=== Exercise aim ===
Omit the pictures and reproduce the rest of the listing exactly.

_ _ _ _ _ _ _

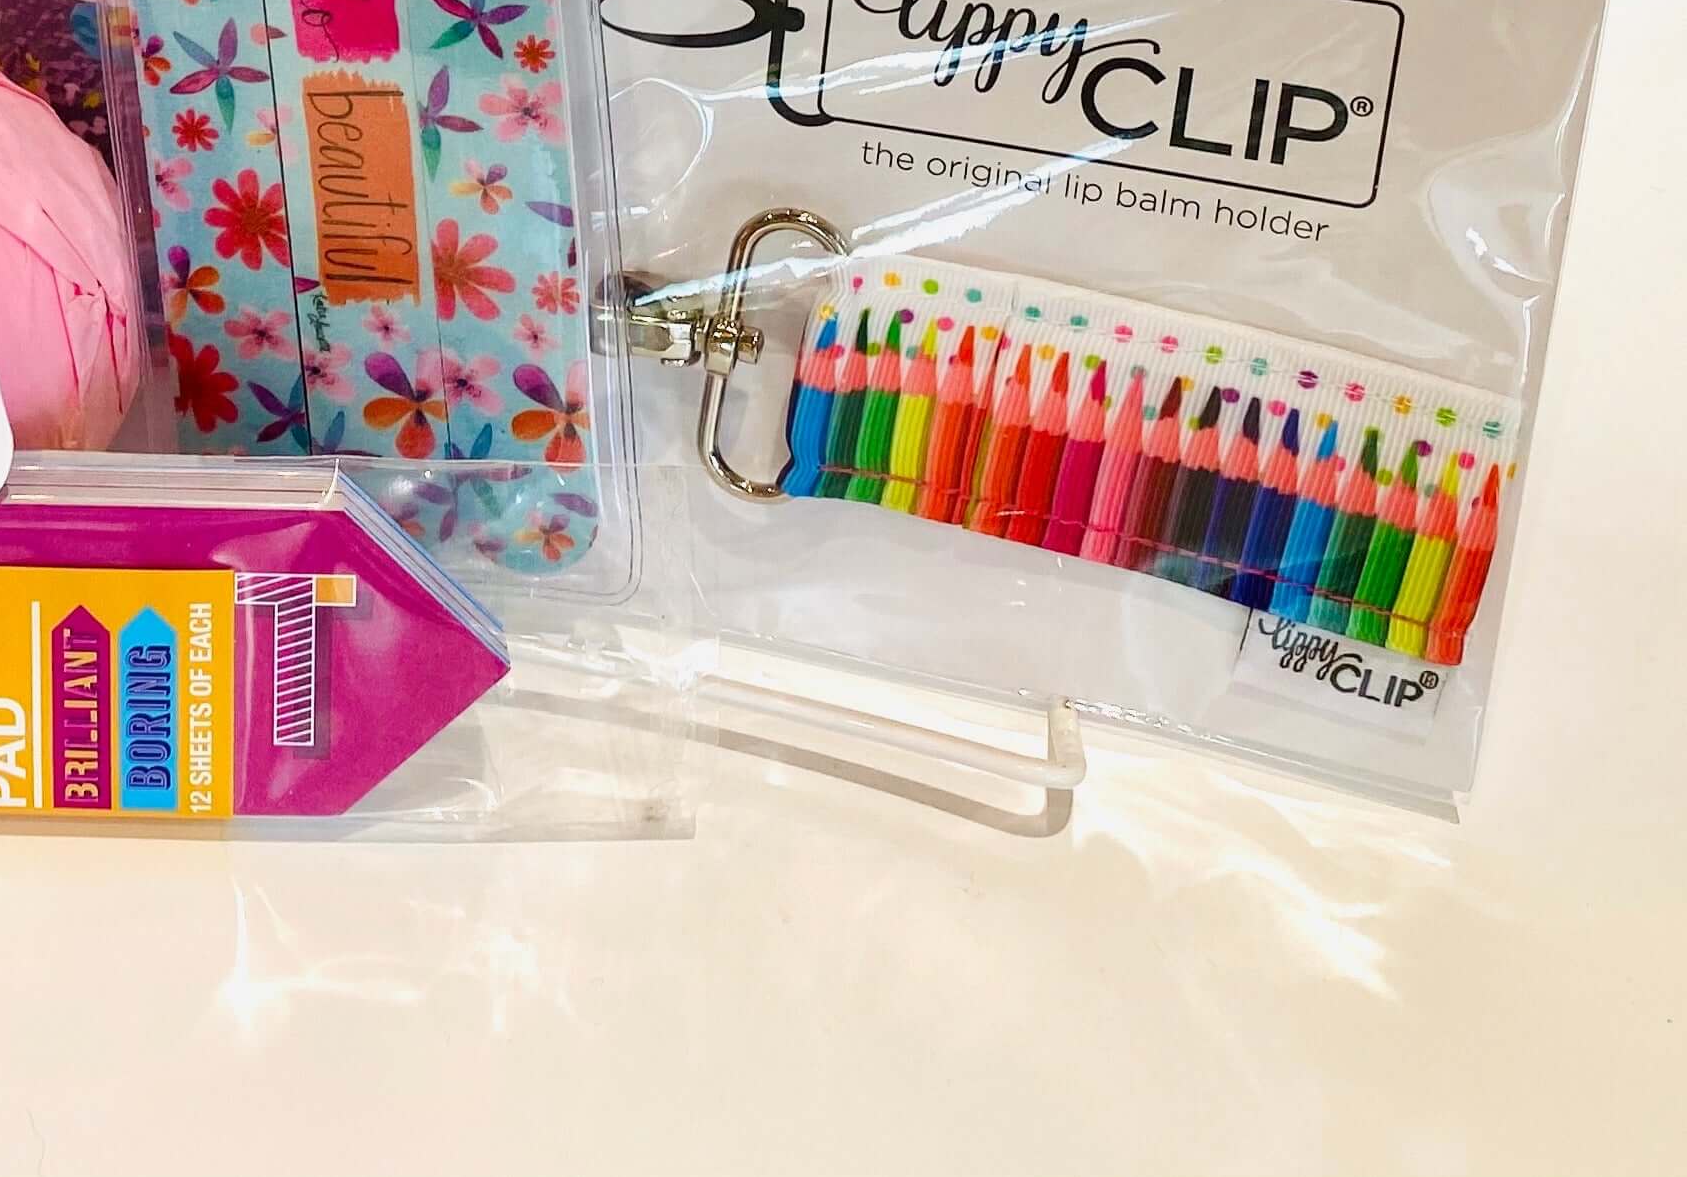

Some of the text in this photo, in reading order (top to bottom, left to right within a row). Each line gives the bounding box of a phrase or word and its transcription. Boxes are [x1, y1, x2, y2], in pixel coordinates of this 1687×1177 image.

[306, 86, 415, 288] beautiful
[860, 139, 1330, 245] the original lip balm holder
[63, 628, 100, 803] BRILLIANT
[126, 644, 172, 791] BORING
[189, 602, 213, 814] 12 SHEETS OF EACH

_ _ _ _ _ _ _

=== Solution for this problem ===
Some of the text in this photo, in reading order (top to bottom, left to right within a row). Each line gives the bounding box of a phrase or word and its transcription. Boxes are [x1, y1, x2, y2], in pixel coordinates of this 1687×1177 image.

[306, 86, 415, 288] beautiful
[860, 139, 1330, 245] the original lip balm holder
[63, 628, 100, 803] BRILLIANT
[126, 644, 172, 791] BORING
[189, 602, 213, 814] 12 SHEETS OF EACH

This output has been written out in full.